--- Your instructions ---
Set the pictures aside and return each record below precisely as written.

--- Record set ---
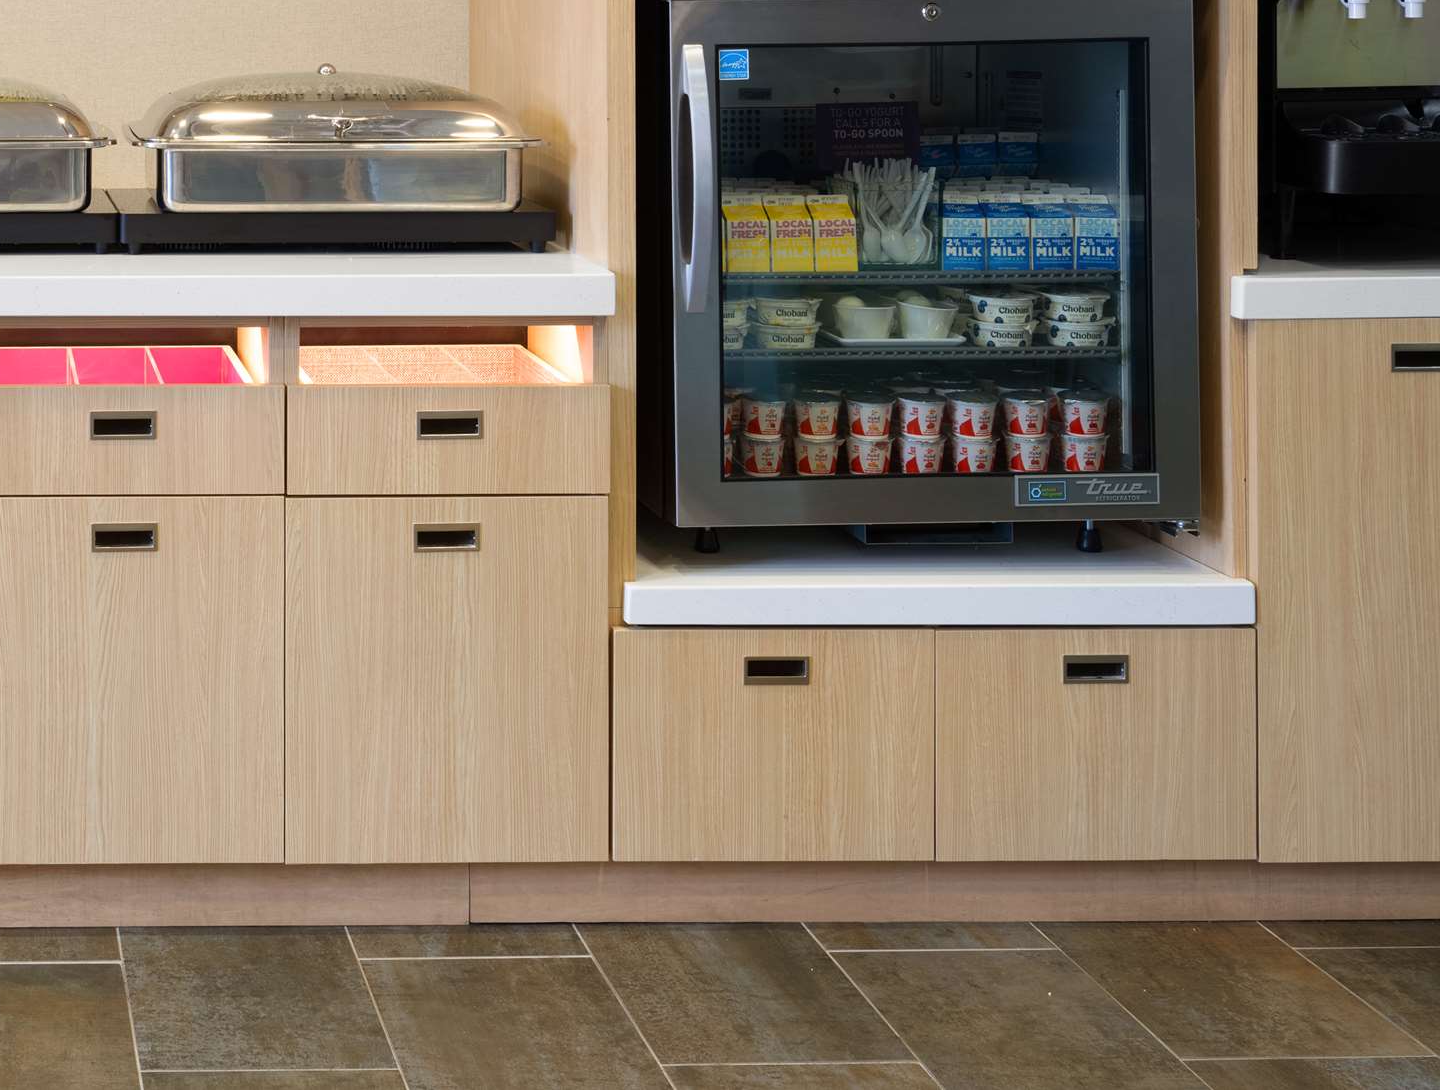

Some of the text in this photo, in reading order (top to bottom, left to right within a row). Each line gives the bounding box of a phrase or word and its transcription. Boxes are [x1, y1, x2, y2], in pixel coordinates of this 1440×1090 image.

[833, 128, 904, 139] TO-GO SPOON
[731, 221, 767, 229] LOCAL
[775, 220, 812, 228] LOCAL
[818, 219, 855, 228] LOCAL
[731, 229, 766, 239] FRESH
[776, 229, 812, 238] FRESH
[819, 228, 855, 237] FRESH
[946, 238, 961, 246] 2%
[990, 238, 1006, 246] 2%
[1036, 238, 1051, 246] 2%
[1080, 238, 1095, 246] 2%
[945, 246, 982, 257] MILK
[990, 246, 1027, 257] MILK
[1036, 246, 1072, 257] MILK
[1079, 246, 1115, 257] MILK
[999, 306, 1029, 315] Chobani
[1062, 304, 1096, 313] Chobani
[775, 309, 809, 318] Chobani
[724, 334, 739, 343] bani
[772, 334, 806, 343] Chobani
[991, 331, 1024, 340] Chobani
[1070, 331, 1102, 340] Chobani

--- Exercise answer ---
Some of the text in this photo, in reading order (top to bottom, left to right within a row). Each line gives the bounding box of a phrase or word and its transcription. Boxes are [x1, y1, x2, y2], in pixel coordinates of this 1440×1090 image.

[833, 128, 904, 139] TO-GO SPOON
[731, 221, 767, 229] LOCAL
[775, 220, 812, 228] LOCAL
[818, 219, 855, 228] LOCAL
[731, 229, 766, 239] FRESH
[776, 229, 812, 238] FRESH
[819, 228, 855, 237] FRESH
[946, 238, 961, 246] 2%
[990, 238, 1006, 246] 2%
[1036, 238, 1051, 246] 2%
[1080, 238, 1095, 246] 2%
[945, 246, 982, 257] MILK
[990, 246, 1027, 257] MILK
[1036, 246, 1072, 257] MILK
[1079, 246, 1115, 257] MILK
[999, 306, 1029, 315] Chobani
[1062, 304, 1096, 313] Chobani
[775, 309, 809, 318] Chobani
[724, 334, 739, 343] bani
[772, 334, 806, 343] Chobani
[991, 331, 1024, 340] Chobani
[1070, 331, 1102, 340] Chobani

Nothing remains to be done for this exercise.